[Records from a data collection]
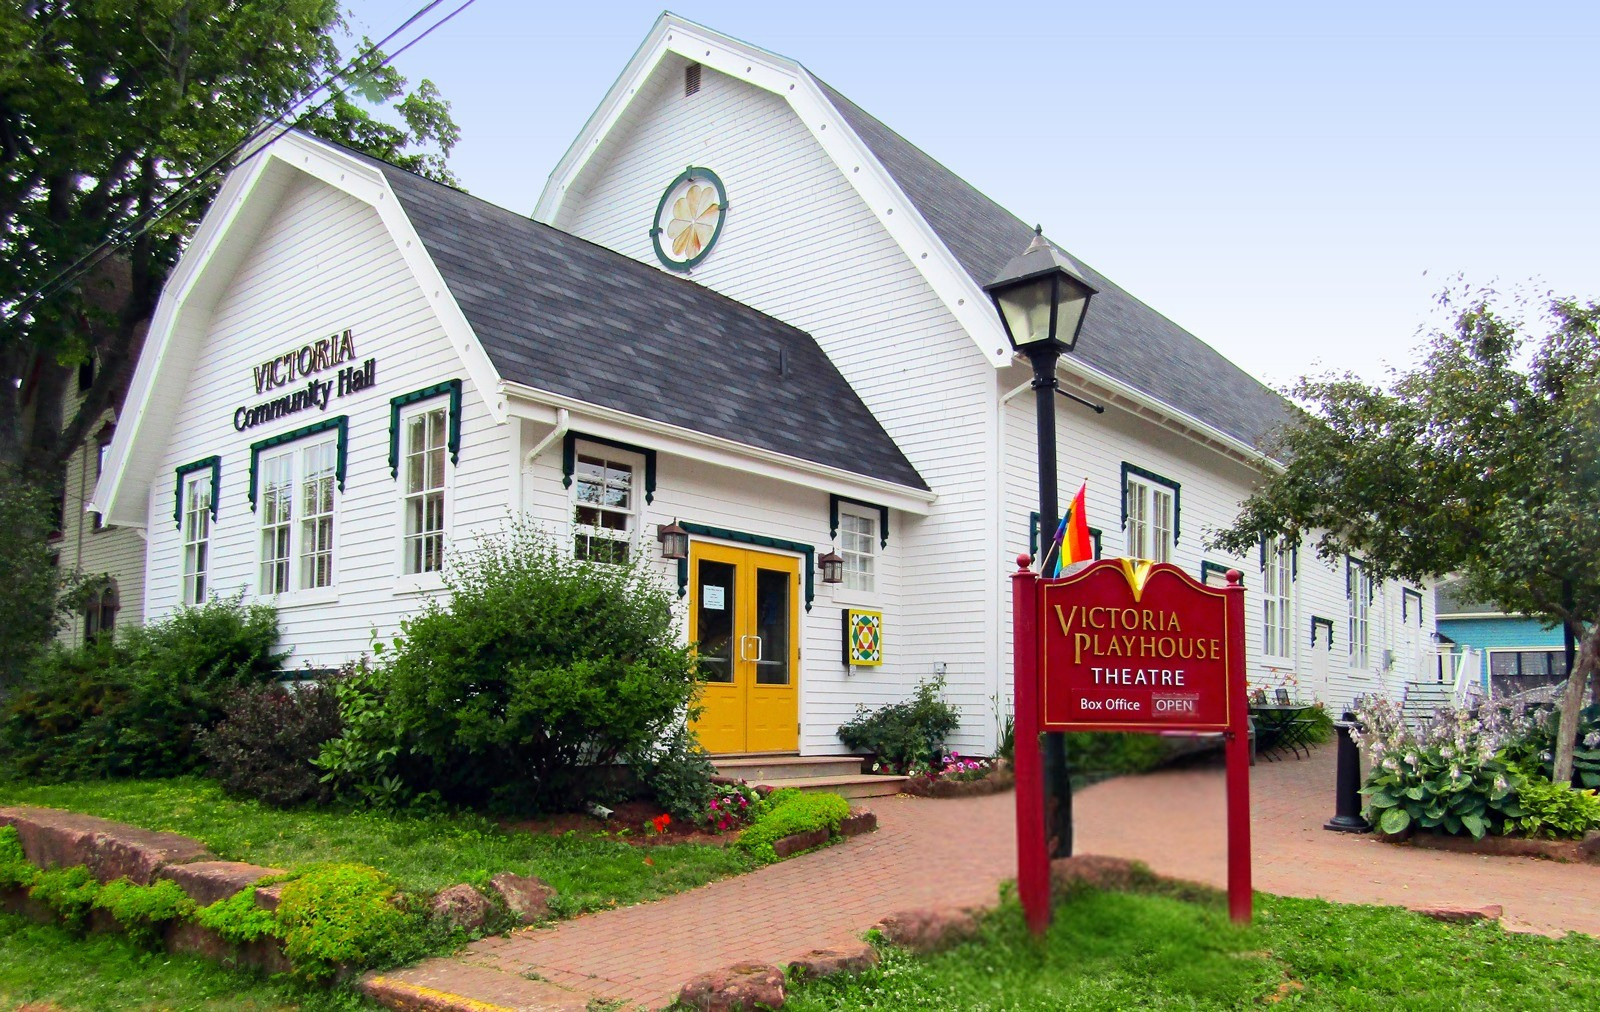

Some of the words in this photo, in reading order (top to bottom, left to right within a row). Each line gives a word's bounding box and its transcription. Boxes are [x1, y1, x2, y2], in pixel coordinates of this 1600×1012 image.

[253, 329, 356, 395] VICTORIA
[233, 379, 333, 432] Community
[337, 358, 376, 397] Hall
[1054, 604, 1181, 637] VICTORIA
[1074, 633, 1220, 664] PLAYHOUSE
[1091, 667, 1185, 686] THEATRE
[1080, 698, 1102, 710] Box
[1106, 698, 1140, 711] Office
[1156, 699, 1193, 711] OPEN

## TASK DETAILS:
An exact restatement of every record is required. Omit the images.

## ANSWER TO THIS EXERCISE:
Some of the words in this photo, in reading order (top to bottom, left to right within a row). Each line gives a word's bounding box and its transcription. Boxes are [x1, y1, x2, y2], in pixel coordinates of this 1600×1012 image.

[253, 329, 356, 395] VICTORIA
[233, 379, 333, 432] Community
[337, 358, 376, 397] Hall
[1054, 604, 1181, 637] VICTORIA
[1074, 633, 1220, 664] PLAYHOUSE
[1091, 667, 1185, 686] THEATRE
[1080, 698, 1102, 710] Box
[1106, 698, 1140, 711] Office
[1156, 699, 1193, 711] OPEN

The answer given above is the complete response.